Robin van Persie
After the loss of Samir Nasri under similar circumstances last summer, Arsenal will be loathed to allow Robin van Persie to depart during this transfer window. Reuters

Arsenal striker Robin van Persie's decision to not sign a contract extension has opened up, as was expected, a bidding war for the services of the Dutch forward who netted 37 goals last season, in all competitions, for the Gunners. In a statement on his own Web site, the player announced he was not convinced the club shared his ambition of winning trophies and he would look to move on as soon as possible.

The decision was met with a host of different reactions, one of which was former Arsenal legend Ray Parlour urging manager Arsene Wenger to sell van Persie and move on to new players. On a more official note, while Arsenal reluctantly accepted their captain's decision, it is still unclear if they will allow van Persie to move on before the start of the season or hold him to the last year of his contract and watch him leave next year as a free agent.

Meanwhile, a number of clubs have been linked to the player over recent months and most of them seem to continue to display interest in the 28 year old attacker who joined Arsenal in 2004 from Dutch club Feyenoord. The Sun reports Ligue 1 club Paris St Germain (PSG) and Spanish powerhouse Barcelona are among the interested parties. Carlo Ancelotti and Tito Vilanova's sides have both long been linked with moves for the Dutchman and are expected to make official inquiries soon.

The Sun's report also suggests Italian champions Juventus will re-ignite interest in the player; an earlier IBTimes UK report suggested an £8mn bid had been rejected. That rejection will not, the Daily Mail adds, serve to keep Antonio Conte's side away. It seems the Italians are prepared to break their wage structure in order to sign van Persie, something they may well need to do considering City's involvement. As of now, goal keeper Gianluigi Buffon is their highest earner, with wages in the region of £100,000 per week but van Persie, if he signs on, could take home as much as £180,000 per week.
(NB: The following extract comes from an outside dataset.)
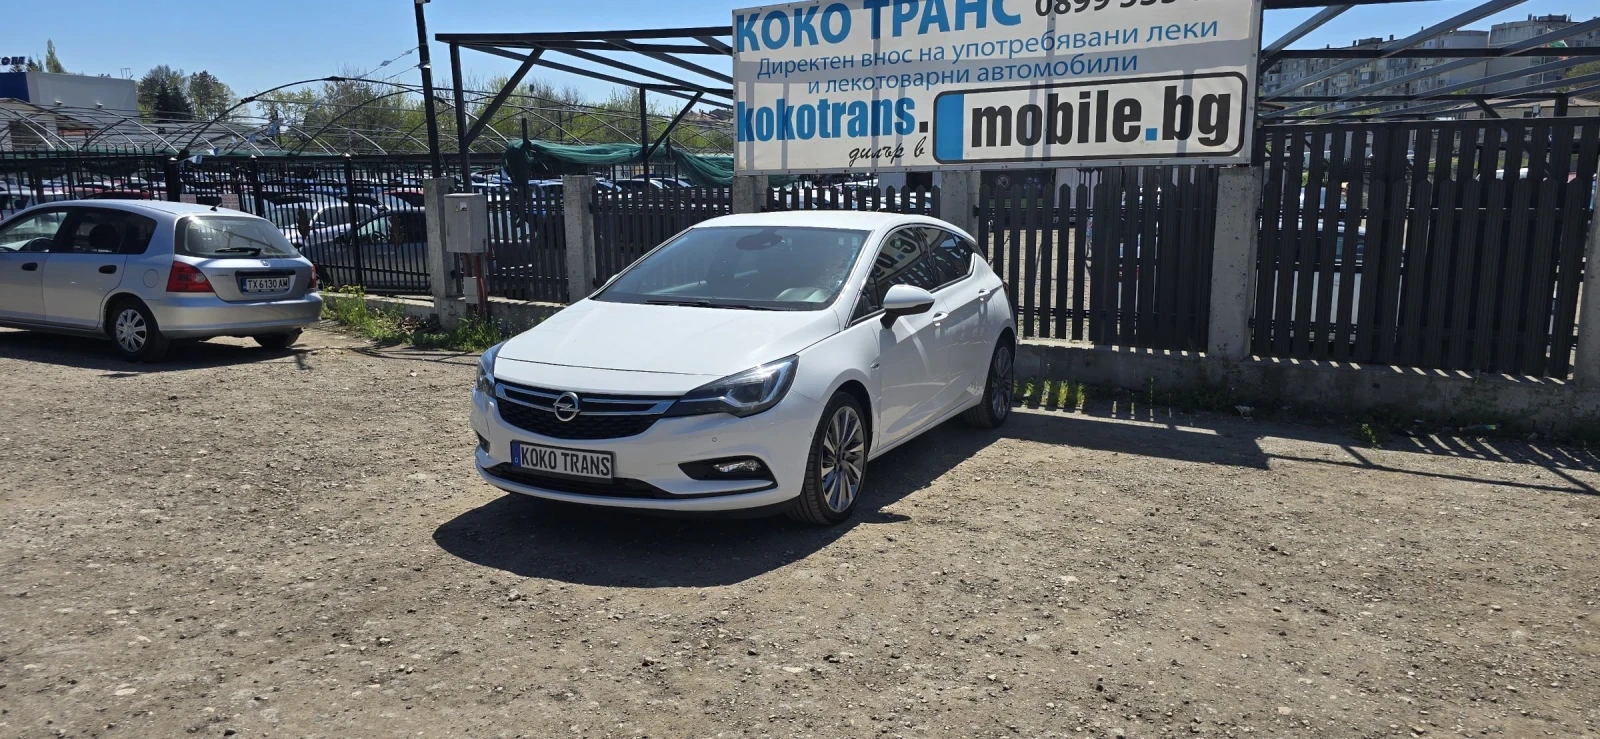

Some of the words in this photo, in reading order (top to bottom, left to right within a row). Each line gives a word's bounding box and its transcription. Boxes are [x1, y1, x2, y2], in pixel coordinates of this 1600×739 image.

They still have quite some catching up to do. City could be prepared to offer him £225,000 per week.

Meanwhile former Spanish and European champions Barcelona are also interested but have a surplus of attacking options at the moment, with Argentina's Lionel Messi and Spain's David Villa and Pedro leading the list. Villa, who is still out injured with a broken leg, could be the sacrificial lamb needed to reunite van Persie with Cesc Fabregas.

The list of big clubs doesn't quite end there. Another report on the Daily Mail links AC Milan with a move for van Persie. The Rossoneri may struggle to raise transfer funds though and could be forced to allow Swedish striker Zlatan Ibrahimovic to leave in order to bring van Persie to the San Siro.

In any case, Wenger will be loathe to lose yet another star player after the acrimonious departures of midfielder Samir Nasri and left back Gael Clichy to Manchester City was followed by the even more humiliating exit of Fabregas to Barcelona. In fact, that last transfer alone will probably serve to fire him up and ensure the player, when he does leave, does not head to the Camp Nou. The Daily Mail reports that Sir Alex Ferguson and Manchester United may also be contenders for van Persie's signature.

In the meantime, as controversial as van Persie's decision to leave Arsenal is, the whole saga could become very messy indeed, if Wenger's fears that his star player could be acting to force a move to English champions Manchester City turn out to be true. In the aftermath of van Persie's decision, the Telegraph reported that City were set to offer £20mn for the player who, it seems, gave his club and manager no warning of his intentions to leave. The matter was made worse because Wenger has been repeatedly quoted as saying he was confident his star striker would not leave. Unfortunately, the player's statement is now being seen as a way to generate interest from other clubs and force an exit from the Emirates.